Top Eleven: Early Returns

A preliminary report on the standings in the Greatest Physics Experiment voting:


  • Michelson-Morley: 13
  • Faraday: 7 (including one vote in the Farady post)
  • Roemer: 5
  • Aspect: 4.5 (one indecisive person voted for both Cavendish and Aspect)
  • Galileo: 3
  • Rutherford: 3
  • Cavendish: 1.5
  • Hertz: 1 (in the comments to the Hertz post)

Newton, Hubble, and Mössbauer are currently getting shut out.

Voting will remain open for another couple of days, so if you’re a backer of somebody other than Michelson and Morley, you’ve still got time for a late charge: round up some friends, and get out the vote.

5 comments

  1. I would be inclined to offer a write-in vote for Francis Crick & Rosalind Franklin, two physicists who made a small contribution to understanding the basis of inheritance in biological systems.

    Unlike astrophysics, poor biophysics is rarely recognized as being True Physics. 🙁

  2. I’ll have to vote for Faraday.
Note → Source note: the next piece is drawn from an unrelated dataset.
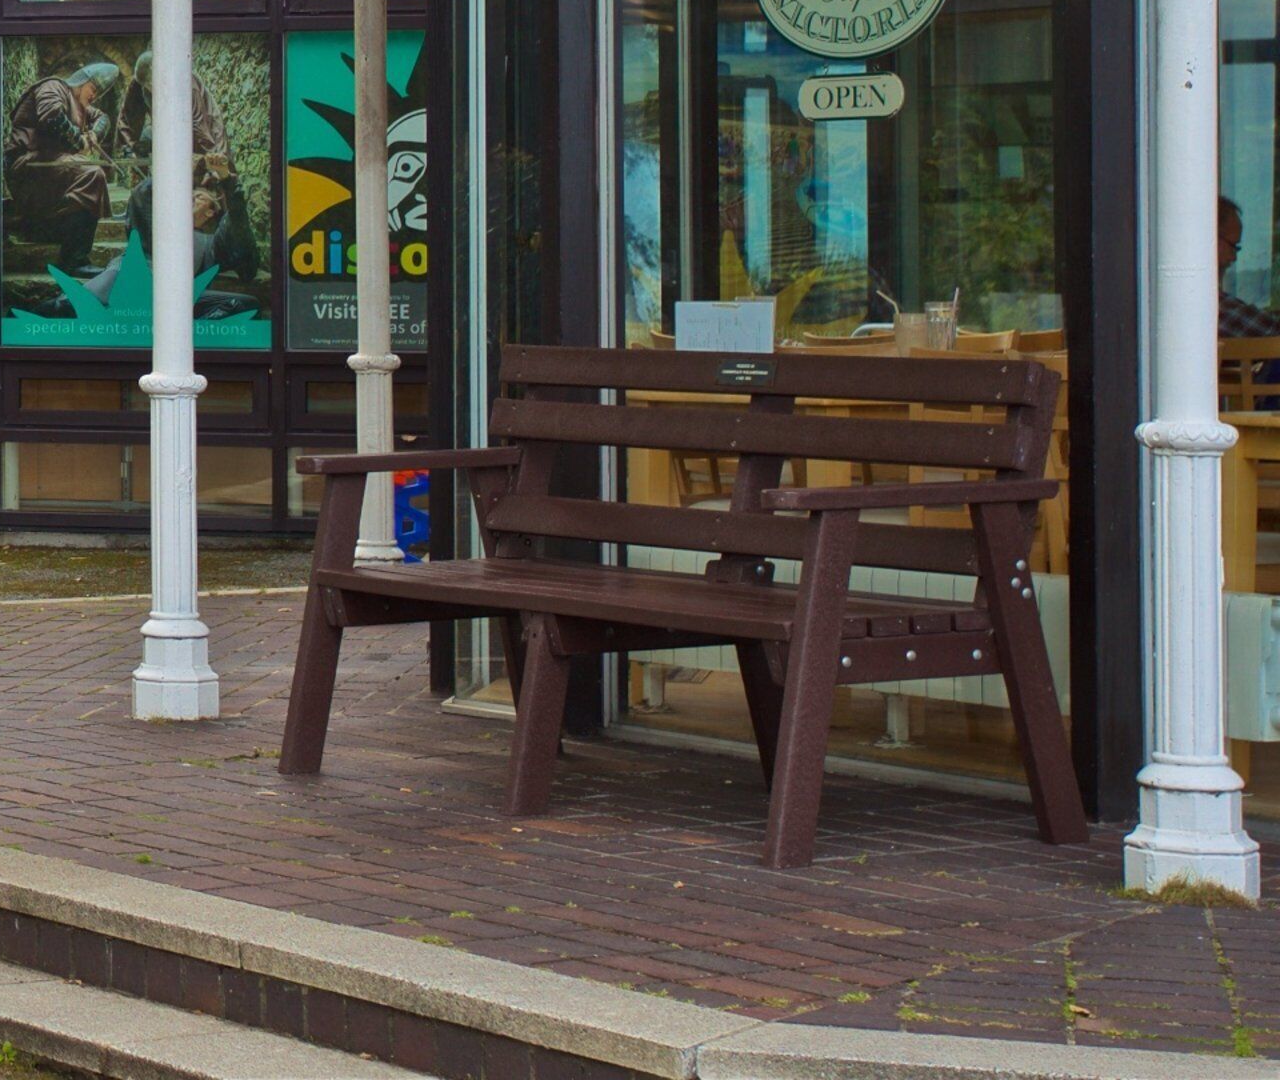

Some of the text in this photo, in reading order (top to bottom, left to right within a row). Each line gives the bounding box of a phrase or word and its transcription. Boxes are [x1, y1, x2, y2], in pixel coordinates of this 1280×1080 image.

[813, 83, 887, 110] OPEN
[313, 303, 357, 319] Visit
[24, 321, 248, 337] special events an bitions
I wish I had thought of this before, but I’d be interested to know if Ph.D.s in physics voted differently than non-Ph.D.s. I would expect that folks in different fields of physics vote differently, also.

  3. I’ll have to vote for Faraday. I wish I had thought of this before, but I’d be interested to know if Ph.D.s in physics voted differently than non-Ph.D.s. I would expect that folks in different fields of physics vote differently, also.

    There probably are differences there, but even if I’d asked, I don’t think I’m going to get enough responses to have any statistical significance…

  4. I vote Faraday, he united electricity and magnetism setting up the stage toward a TOE (Theory of Everything).